We let them know where our markers had been tied. If only someone had the
chance to escape and believe us and really try to find that cave opening. When we
got back to our own time, the Byzantines, who are our allies at this time, but
won't be in a hundred years, might be looking for someone to blame for the
attack on them by the Rus that happened right before we left to go up into the
mountains far away from Atil and Sarkel.

Did the Emperor suspect the Khazari? In our time, the Dnieper trade route
had not yet been built. In the next century, it was. My father gave the Rus permission
to sail their fleet down the Don, past the fort of Sarkel so they could
enter the Black Sea from the Don. We had trouble with both sides.

And Byzantine prisoners had been held by us Khazari, but these prisoners had committed
crimes that would be seen as criminal acts by any group of people in the world.
The Rus took those Byzantine prisoners as part of their enormous booty.
Then they dropped them off at Sarkel on their return trip.

We had trouble. Then the Khazari demanded to take the Greek prisoners into protective custody,
to keep the Byzantines our allies for this short span of time. As soon as we
turned Jewish, the Byzantines stopped being our allies.

All of a sudden, they started looking for somebody to blame for not being prepared
to battle the Rus when attacked by them. So, they blamed the Khazari for
the Rus attack, when we had no idea the Rus were going to attack our Byzantines
allies.

Now the Byzantines are no longer our allies. We are alone in the world, being
the only Jewish Kaganate in the world in our time.

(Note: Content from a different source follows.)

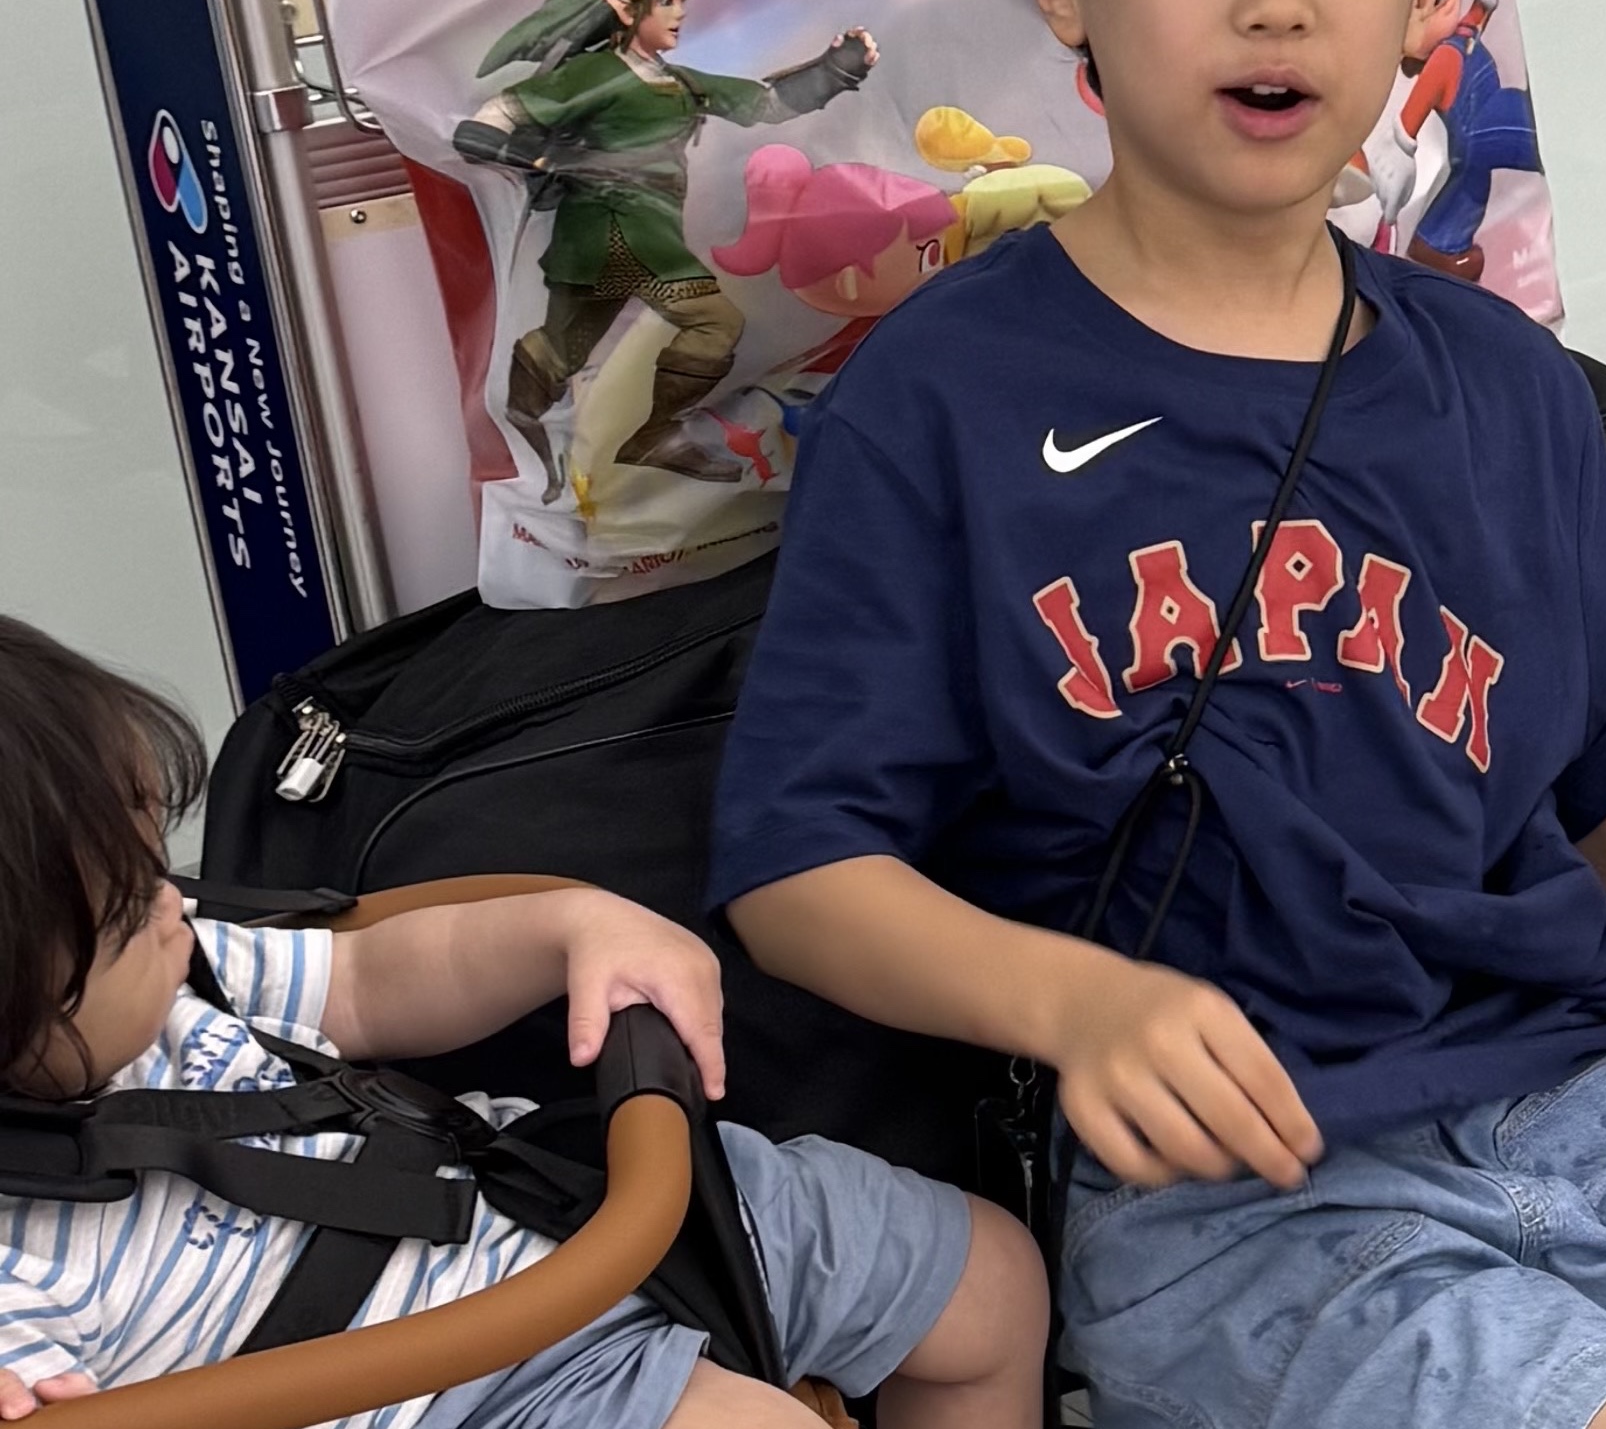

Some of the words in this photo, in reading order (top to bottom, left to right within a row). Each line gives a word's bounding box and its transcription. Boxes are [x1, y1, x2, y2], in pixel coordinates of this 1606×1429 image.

The Rus and Pechenegs are attacking us from all sides. Yet, father calls this
time we are going back to, the best and most peaceful in all of Khazaria-our
golden age. I thought our golden age was in eight century Cordoba.

So as we go forth in time through our secret cave, like a magical toy shop, we
keep ending up in the days when the Kagan of Khazaria first began to accept the
Judaic faith and customs. So back we will go. You call this peace? With a country
this peaceful, who needs war?

Deportees marched into empty cattle cars filled to overflowing, locked, and
sealed. Most of the Crimean Turks we followed went to concentration camps in
Sverdlosk Raion in the Urals.

Most died of the hunger and disease brought on by slave labor. A small minority fled to Turkestan. So many tribes were loaded up and deported. They were the Chechen, Ingush, Karachay, Balkars, Tatars, and
Mountain men. I still say we are part of the old Greek colonies and Greek
Diaspora, regardless of whether we are Jewish or Christian.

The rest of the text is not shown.